Activity:
Every record, from the first to the last, is to be printed again exactly.

Record extracts:
=======
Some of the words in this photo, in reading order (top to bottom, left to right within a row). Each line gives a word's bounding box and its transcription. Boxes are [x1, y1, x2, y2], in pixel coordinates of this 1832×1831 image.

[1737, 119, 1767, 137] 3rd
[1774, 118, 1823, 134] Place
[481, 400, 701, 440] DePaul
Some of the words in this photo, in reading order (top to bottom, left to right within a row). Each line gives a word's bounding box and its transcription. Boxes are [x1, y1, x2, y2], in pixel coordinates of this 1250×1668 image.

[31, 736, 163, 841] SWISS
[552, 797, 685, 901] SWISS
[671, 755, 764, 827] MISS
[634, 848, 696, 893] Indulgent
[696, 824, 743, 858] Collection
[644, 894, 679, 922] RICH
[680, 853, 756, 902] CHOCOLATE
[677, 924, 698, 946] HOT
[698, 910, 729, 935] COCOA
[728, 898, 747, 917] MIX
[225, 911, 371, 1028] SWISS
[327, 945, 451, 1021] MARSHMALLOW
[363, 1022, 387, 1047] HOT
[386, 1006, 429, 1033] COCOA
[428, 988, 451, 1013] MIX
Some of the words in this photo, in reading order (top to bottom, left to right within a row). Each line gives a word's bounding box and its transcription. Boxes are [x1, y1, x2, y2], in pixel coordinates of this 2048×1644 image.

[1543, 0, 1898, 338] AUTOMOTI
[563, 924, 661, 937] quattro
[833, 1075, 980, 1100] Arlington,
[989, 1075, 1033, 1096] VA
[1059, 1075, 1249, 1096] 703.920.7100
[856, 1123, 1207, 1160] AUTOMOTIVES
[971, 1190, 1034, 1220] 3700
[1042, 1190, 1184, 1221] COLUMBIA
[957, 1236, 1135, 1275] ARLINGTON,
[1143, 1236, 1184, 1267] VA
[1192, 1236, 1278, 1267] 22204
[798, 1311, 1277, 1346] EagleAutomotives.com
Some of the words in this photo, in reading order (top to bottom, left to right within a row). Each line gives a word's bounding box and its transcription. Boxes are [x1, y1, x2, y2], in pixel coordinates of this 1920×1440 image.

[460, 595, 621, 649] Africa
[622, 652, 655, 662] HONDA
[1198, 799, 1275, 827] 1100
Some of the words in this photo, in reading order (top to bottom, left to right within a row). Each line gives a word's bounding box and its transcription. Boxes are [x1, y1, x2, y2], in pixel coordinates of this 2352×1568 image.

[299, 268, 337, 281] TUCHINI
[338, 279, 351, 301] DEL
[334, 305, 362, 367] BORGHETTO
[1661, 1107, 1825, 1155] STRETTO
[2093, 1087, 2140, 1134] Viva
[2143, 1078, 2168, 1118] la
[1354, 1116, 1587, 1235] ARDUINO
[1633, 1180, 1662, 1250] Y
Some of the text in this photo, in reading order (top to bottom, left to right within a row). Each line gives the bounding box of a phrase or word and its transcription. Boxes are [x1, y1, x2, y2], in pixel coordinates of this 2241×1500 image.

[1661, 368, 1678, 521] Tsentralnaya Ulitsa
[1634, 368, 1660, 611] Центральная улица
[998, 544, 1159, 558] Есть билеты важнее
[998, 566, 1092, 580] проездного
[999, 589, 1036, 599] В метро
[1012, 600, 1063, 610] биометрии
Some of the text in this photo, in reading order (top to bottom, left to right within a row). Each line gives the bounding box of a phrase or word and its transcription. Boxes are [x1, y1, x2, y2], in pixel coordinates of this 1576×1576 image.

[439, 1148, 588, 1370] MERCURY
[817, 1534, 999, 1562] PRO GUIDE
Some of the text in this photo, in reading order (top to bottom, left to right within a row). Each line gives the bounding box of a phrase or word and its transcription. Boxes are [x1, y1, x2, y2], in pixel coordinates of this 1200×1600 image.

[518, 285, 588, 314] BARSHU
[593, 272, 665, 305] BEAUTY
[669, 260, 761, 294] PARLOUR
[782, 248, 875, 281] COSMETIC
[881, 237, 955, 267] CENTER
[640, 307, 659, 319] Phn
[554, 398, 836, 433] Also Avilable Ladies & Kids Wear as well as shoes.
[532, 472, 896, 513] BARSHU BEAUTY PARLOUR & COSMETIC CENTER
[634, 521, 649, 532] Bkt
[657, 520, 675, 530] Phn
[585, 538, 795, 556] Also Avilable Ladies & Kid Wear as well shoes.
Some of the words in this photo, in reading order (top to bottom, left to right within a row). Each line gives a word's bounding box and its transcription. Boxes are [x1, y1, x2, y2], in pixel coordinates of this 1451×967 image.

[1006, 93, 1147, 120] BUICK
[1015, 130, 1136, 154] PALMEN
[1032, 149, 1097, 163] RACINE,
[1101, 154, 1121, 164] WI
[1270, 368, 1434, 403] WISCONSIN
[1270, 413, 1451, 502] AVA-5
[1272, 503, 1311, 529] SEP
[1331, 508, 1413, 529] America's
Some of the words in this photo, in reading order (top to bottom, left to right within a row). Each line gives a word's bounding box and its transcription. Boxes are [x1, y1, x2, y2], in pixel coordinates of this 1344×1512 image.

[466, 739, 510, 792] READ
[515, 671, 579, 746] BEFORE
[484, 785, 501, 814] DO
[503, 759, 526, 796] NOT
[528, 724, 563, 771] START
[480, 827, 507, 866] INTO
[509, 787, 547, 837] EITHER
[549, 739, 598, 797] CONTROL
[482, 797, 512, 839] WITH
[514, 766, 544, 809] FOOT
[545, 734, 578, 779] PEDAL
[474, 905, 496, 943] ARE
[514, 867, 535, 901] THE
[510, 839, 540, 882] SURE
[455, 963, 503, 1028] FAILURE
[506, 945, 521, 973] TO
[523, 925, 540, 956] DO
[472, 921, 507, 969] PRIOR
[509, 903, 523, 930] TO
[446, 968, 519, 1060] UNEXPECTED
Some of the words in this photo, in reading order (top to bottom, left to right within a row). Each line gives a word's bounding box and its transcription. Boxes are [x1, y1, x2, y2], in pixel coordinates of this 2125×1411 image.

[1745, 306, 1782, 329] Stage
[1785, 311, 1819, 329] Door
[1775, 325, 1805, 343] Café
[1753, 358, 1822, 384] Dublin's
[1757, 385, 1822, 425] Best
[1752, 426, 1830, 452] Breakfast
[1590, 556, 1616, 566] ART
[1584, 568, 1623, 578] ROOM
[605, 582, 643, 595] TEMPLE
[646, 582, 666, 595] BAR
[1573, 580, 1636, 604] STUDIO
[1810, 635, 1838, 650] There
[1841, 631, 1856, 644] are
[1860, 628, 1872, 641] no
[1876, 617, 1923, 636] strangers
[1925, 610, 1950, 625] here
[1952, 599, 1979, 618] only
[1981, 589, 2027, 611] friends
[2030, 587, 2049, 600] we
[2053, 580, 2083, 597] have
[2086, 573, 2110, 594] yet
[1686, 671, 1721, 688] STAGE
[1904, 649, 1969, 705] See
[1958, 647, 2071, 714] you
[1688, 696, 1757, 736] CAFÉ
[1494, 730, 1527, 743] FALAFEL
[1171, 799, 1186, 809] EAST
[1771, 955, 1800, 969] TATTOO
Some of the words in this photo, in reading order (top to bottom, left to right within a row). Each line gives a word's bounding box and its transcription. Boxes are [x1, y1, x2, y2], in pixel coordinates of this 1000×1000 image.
=======
Expected answer:
Some of the words in this photo, in reading order (top to bottom, left to right within a row). Each line gives a word's bounding box and its transcription. Boxes are [x1, y1, x2, y2], in pixel coordinates of this 1832×1831 image.

[1737, 119, 1767, 137] 3rd
[1774, 118, 1823, 134] Place
[481, 400, 701, 440] DePaul
Some of the words in this photo, in reading order (top to bottom, left to right within a row). Each line gives a word's bounding box and its transcription. Boxes are [x1, y1, x2, y2], in pixel coordinates of this 1250×1668 image.

[31, 736, 163, 841] SWISS
[552, 797, 685, 901] SWISS
[671, 755, 764, 827] MISS
[634, 848, 696, 893] Indulgent
[696, 824, 743, 858] Collection
[644, 894, 679, 922] RICH
[680, 853, 756, 902] CHOCOLATE
[677, 924, 698, 946] HOT
[698, 910, 729, 935] COCOA
[728, 898, 747, 917] MIX
[225, 911, 371, 1028] SWISS
[327, 945, 451, 1021] MARSHMALLOW
[363, 1022, 387, 1047] HOT
[386, 1006, 429, 1033] COCOA
[428, 988, 451, 1013] MIX
Some of the words in this photo, in reading order (top to bottom, left to right within a row). Each line gives a word's bounding box and its transcription. Boxes are [x1, y1, x2, y2], in pixel coordinates of this 2048×1644 image.

[1543, 0, 1898, 338] AUTOMOTI
[563, 924, 661, 937] quattro
[833, 1075, 980, 1100] Arlington,
[989, 1075, 1033, 1096] VA
[1059, 1075, 1249, 1096] 703.920.7100
[856, 1123, 1207, 1160] AUTOMOTIVES
[971, 1190, 1034, 1220] 3700
[1042, 1190, 1184, 1221] COLUMBIA
[957, 1236, 1135, 1275] ARLINGTON,
[1143, 1236, 1184, 1267] VA
[1192, 1236, 1278, 1267] 22204
[798, 1311, 1277, 1346] EagleAutomotives.com
Some of the words in this photo, in reading order (top to bottom, left to right within a row). Each line gives a word's bounding box and its transcription. Boxes are [x1, y1, x2, y2], in pixel coordinates of this 1920×1440 image.

[460, 595, 621, 649] Africa
[622, 652, 655, 662] HONDA
[1198, 799, 1275, 827] 1100
Some of the words in this photo, in reading order (top to bottom, left to right within a row). Each line gives a word's bounding box and its transcription. Boxes are [x1, y1, x2, y2], in pixel coordinates of this 2352×1568 image.

[299, 268, 337, 281] TUCHINI
[338, 279, 351, 301] DEL
[334, 305, 362, 367] BORGHETTO
[1661, 1107, 1825, 1155] STRETTO
[2093, 1087, 2140, 1134] Viva
[2143, 1078, 2168, 1118] la
[1354, 1116, 1587, 1235] ARDUINO
[1633, 1180, 1662, 1250] Y
Some of the text in this photo, in reading order (top to bottom, left to right within a row). Each line gives the bounding box of a phrase or word and its transcription. Boxes are [x1, y1, x2, y2], in pixel coordinates of this 2241×1500 image.

[1661, 368, 1678, 521] Tsentralnaya Ulitsa
[1634, 368, 1660, 611] Центральная улица
[998, 544, 1159, 558] Есть билеты важнее
[998, 566, 1092, 580] проездного
[999, 589, 1036, 599] В метро
[1012, 600, 1063, 610] биометрии
Some of the text in this photo, in reading order (top to bottom, left to right within a row). Each line gives the bounding box of a phrase or word and its transcription. Boxes are [x1, y1, x2, y2], in pixel coordinates of this 1576×1576 image.

[439, 1148, 588, 1370] MERCURY
[817, 1534, 999, 1562] PRO GUIDE
Some of the text in this photo, in reading order (top to bottom, left to right within a row). Each line gives the bounding box of a phrase or word and its transcription. Boxes are [x1, y1, x2, y2], in pixel coordinates of this 1200×1600 image.

[518, 285, 588, 314] BARSHU
[593, 272, 665, 305] BEAUTY
[669, 260, 761, 294] PARLOUR
[782, 248, 875, 281] COSMETIC
[881, 237, 955, 267] CENTER
[640, 307, 659, 319] Phn
[554, 398, 836, 433] Also Avilable Ladies & Kids Wear as well as shoes.
[532, 472, 896, 513] BARSHU BEAUTY PARLOUR & COSMETIC CENTER
[634, 521, 649, 532] Bkt
[657, 520, 675, 530] Phn
[585, 538, 795, 556] Also Avilable Ladies & Kid Wear as well shoes.
Some of the words in this photo, in reading order (top to bottom, left to right within a row). Each line gives a word's bounding box and its transcription. Boxes are [x1, y1, x2, y2], in pixel coordinates of this 1451×967 image.

[1006, 93, 1147, 120] BUICK
[1015, 130, 1136, 154] PALMEN
[1032, 149, 1097, 163] RACINE,
[1101, 154, 1121, 164] WI
[1270, 368, 1434, 403] WISCONSIN
[1270, 413, 1451, 502] AVA-5
[1272, 503, 1311, 529] SEP
[1331, 508, 1413, 529] America's
Some of the words in this photo, in reading order (top to bottom, left to right within a row). Each line gives a word's bounding box and its transcription. Boxes are [x1, y1, x2, y2], in pixel coordinates of this 1344×1512 image.

[466, 739, 510, 792] READ
[515, 671, 579, 746] BEFORE
[484, 785, 501, 814] DO
[503, 759, 526, 796] NOT
[528, 724, 563, 771] START
[480, 827, 507, 866] INTO
[509, 787, 547, 837] EITHER
[549, 739, 598, 797] CONTROL
[482, 797, 512, 839] WITH
[514, 766, 544, 809] FOOT
[545, 734, 578, 779] PEDAL
[474, 905, 496, 943] ARE
[514, 867, 535, 901] THE
[510, 839, 540, 882] SURE
[455, 963, 503, 1028] FAILURE
[506, 945, 521, 973] TO
[523, 925, 540, 956] DO
[472, 921, 507, 969] PRIOR
[509, 903, 523, 930] TO
[446, 968, 519, 1060] UNEXPECTED
Some of the words in this photo, in reading order (top to bottom, left to right within a row). Each line gives a word's bounding box and its transcription. Boxes are [x1, y1, x2, y2], in pixel coordinates of this 2125×1411 image.

[1745, 306, 1782, 329] Stage
[1785, 311, 1819, 329] Door
[1775, 325, 1805, 343] Café
[1753, 358, 1822, 384] Dublin's
[1757, 385, 1822, 425] Best
[1752, 426, 1830, 452] Breakfast
[1590, 556, 1616, 566] ART
[1584, 568, 1623, 578] ROOM
[605, 582, 643, 595] TEMPLE
[646, 582, 666, 595] BAR
[1573, 580, 1636, 604] STUDIO
[1810, 635, 1838, 650] There
[1841, 631, 1856, 644] are
[1860, 628, 1872, 641] no
[1876, 617, 1923, 636] strangers
[1925, 610, 1950, 625] here
[1952, 599, 1979, 618] only
[1981, 589, 2027, 611] friends
[2030, 587, 2049, 600] we
[2053, 580, 2083, 597] have
[2086, 573, 2110, 594] yet
[1686, 671, 1721, 688] STAGE
[1904, 649, 1969, 705] See
[1958, 647, 2071, 714] you
[1688, 696, 1757, 736] CAFÉ
[1494, 730, 1527, 743] FALAFEL
[1171, 799, 1186, 809] EAST
[1771, 955, 1800, 969] TATTOO
Some of the words in this photo, in reading order (top to bottom, left to right within a row). Each line gives a word's bounding box and its transcription. Boxes are [x1, y1, x2, y2], in pixel coordinates of this 1000×1000 image.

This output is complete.